- **Your task**:
Give back every record word for word, but keep the pictures out.

════

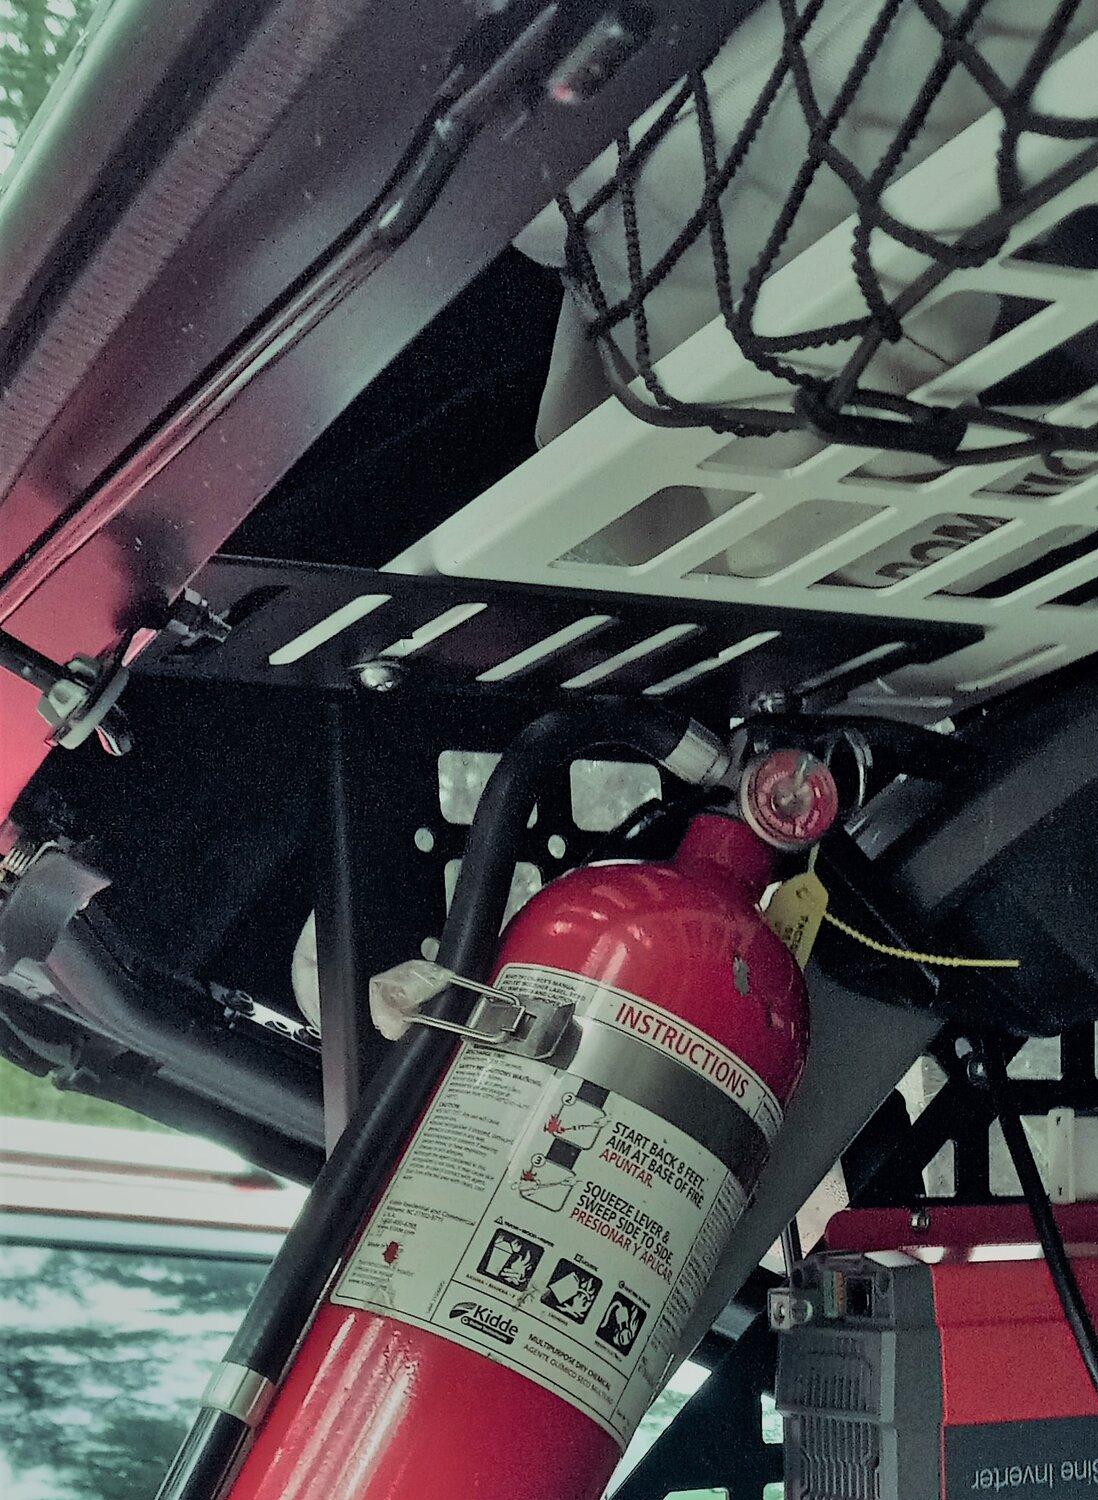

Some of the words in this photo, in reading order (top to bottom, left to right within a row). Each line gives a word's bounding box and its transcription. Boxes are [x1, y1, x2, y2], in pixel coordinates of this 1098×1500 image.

[614, 1002, 749, 1098] INSTRUCTIONS
[606, 1136, 631, 1158] AIM
[632, 1151, 649, 1168] AT
[648, 1161, 676, 1188] BASE
[674, 1181, 688, 1197] OF
[686, 1186, 704, 1210] FIRE.
[612, 1122, 648, 1149] START
[650, 1142, 679, 1171] BACK
[677, 1162, 684, 1174] 8
[570, 1208, 632, 1251] PRESIONAR
[631, 1243, 642, 1257] Y
[577, 1195, 616, 1223] SWEEP
[616, 1216, 643, 1239] SIDE
[641, 1232, 654, 1249] TO
[655, 1240, 674, 1266] SIDE.
[583, 1181, 635, 1218] SQUEEZE
[634, 1208, 663, 1238] LEVER
[662, 1231, 671, 1244] &
[473, 1305, 519, 1337] Kidde
[523, 1344, 549, 1364] AGENTE
[528, 1333, 576, 1366] MULTIPURPOSE
[575, 1361, 589, 1374] DRY
[970, 1462, 1055, 1491] Inverter
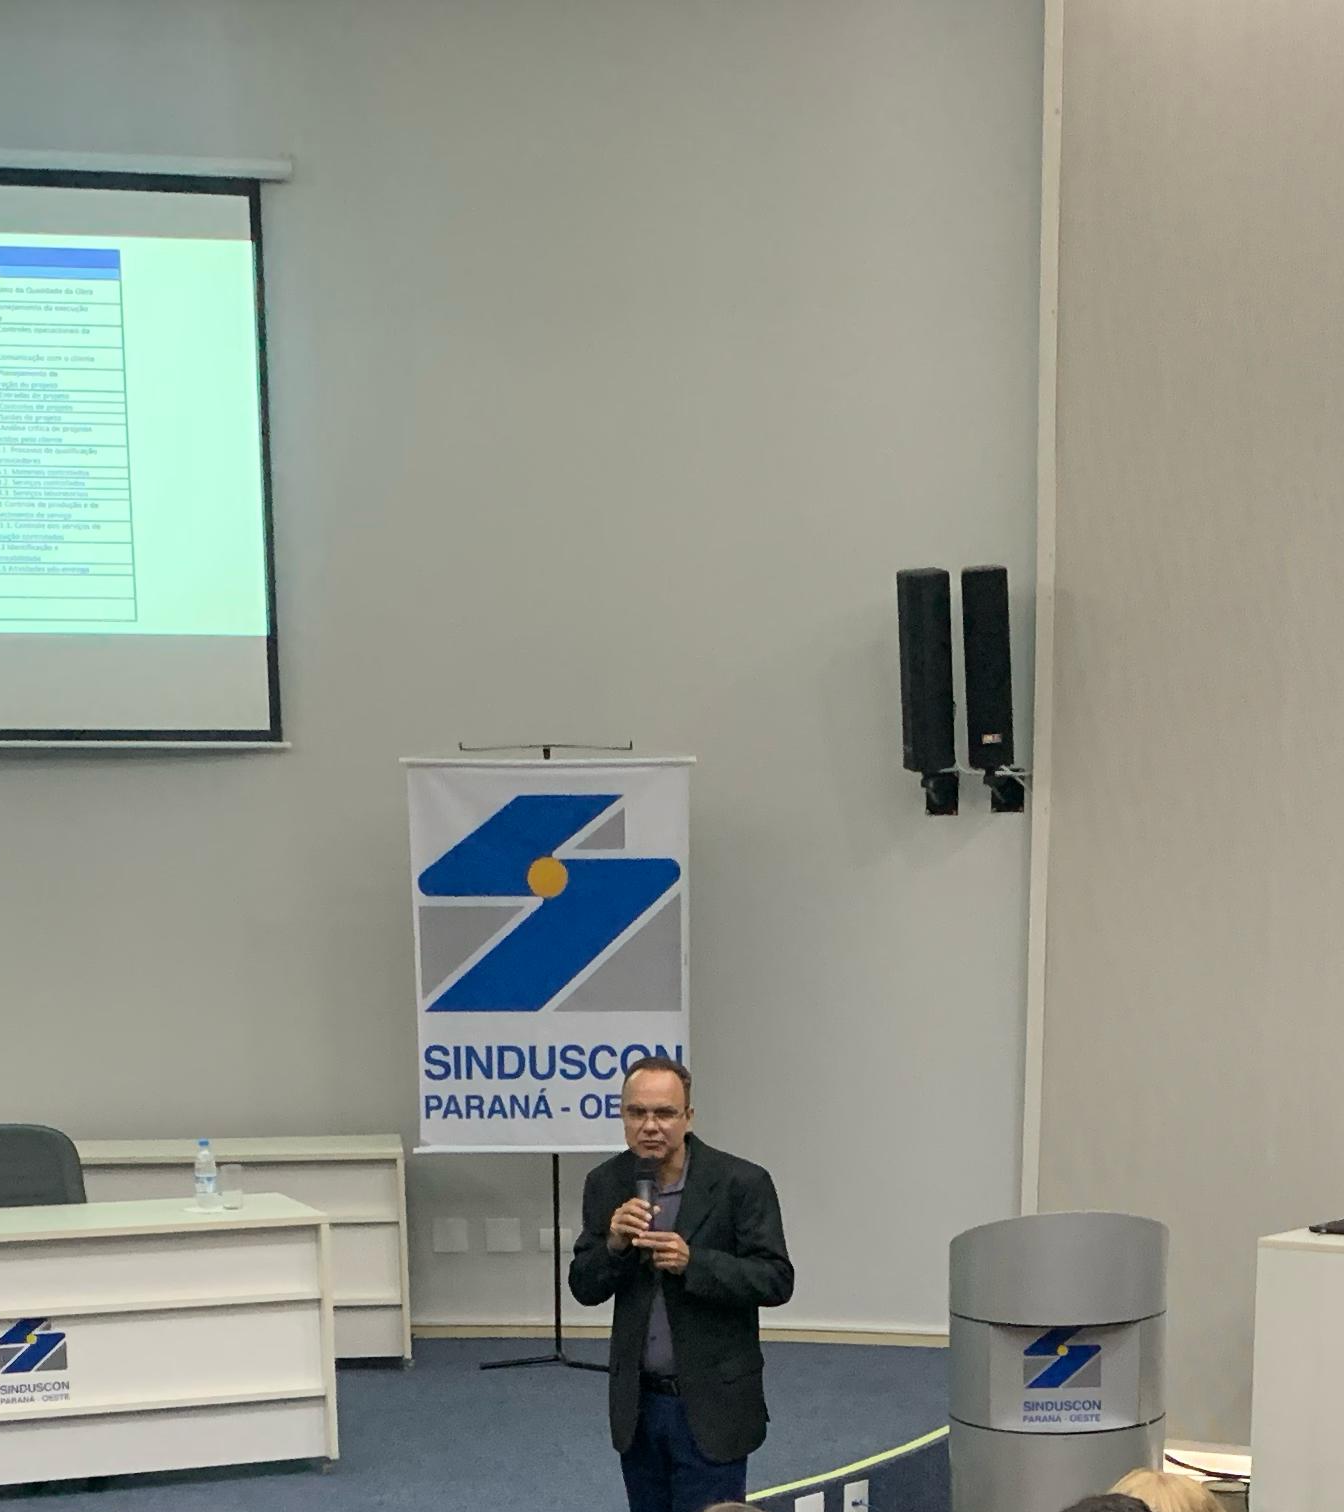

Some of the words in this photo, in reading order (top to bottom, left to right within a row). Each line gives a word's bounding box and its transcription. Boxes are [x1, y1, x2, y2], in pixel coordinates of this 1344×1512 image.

════

- **Output below**:
Some of the words in this photo, in reading order (top to bottom, left to right within a row). Each line gives a word's bounding box and its transcription. Boxes are [x1, y1, x2, y2], in pixel coordinates of this 1098×1500 image.

[614, 1002, 749, 1098] INSTRUCTIONS
[606, 1136, 631, 1158] AIM
[632, 1151, 649, 1168] AT
[648, 1161, 676, 1188] BASE
[674, 1181, 688, 1197] OF
[686, 1186, 704, 1210] FIRE.
[612, 1122, 648, 1149] START
[650, 1142, 679, 1171] BACK
[677, 1162, 684, 1174] 8
[570, 1208, 632, 1251] PRESIONAR
[631, 1243, 642, 1257] Y
[577, 1195, 616, 1223] SWEEP
[616, 1216, 643, 1239] SIDE
[641, 1232, 654, 1249] TO
[655, 1240, 674, 1266] SIDE.
[583, 1181, 635, 1218] SQUEEZE
[634, 1208, 663, 1238] LEVER
[662, 1231, 671, 1244] &
[473, 1305, 519, 1337] Kidde
[523, 1344, 549, 1364] AGENTE
[528, 1333, 576, 1366] MULTIPURPOSE
[575, 1361, 589, 1374] DRY
[970, 1462, 1055, 1491] Inverter

Some of the words in this photo, in reading order (top to bottom, left to right within a row). Each line gives a word's bounding box and its transcription. Boxes are [x1, y1, x2, y2], in pixel coordinates of this 1344×1512 image.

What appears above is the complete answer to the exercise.